Assignment: Whatever lines the data contains, output all of them unchanged.

Data to examine:
↓↓↓

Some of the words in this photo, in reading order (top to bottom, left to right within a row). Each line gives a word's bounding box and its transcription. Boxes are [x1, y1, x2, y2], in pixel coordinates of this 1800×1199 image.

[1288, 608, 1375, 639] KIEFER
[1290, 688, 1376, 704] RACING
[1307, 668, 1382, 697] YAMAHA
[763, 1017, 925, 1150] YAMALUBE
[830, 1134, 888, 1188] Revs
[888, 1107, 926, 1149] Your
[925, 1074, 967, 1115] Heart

↑↑↑

Task answer:
Some of the words in this photo, in reading order (top to bottom, left to right within a row). Each line gives a word's bounding box and its transcription. Boxes are [x1, y1, x2, y2], in pixel coordinates of this 1800×1199 image.

[1288, 608, 1375, 639] KIEFER
[1290, 688, 1376, 704] RACING
[1307, 668, 1382, 697] YAMAHA
[763, 1017, 925, 1150] YAMALUBE
[830, 1134, 888, 1188] Revs
[888, 1107, 926, 1149] Your
[925, 1074, 967, 1115] Heart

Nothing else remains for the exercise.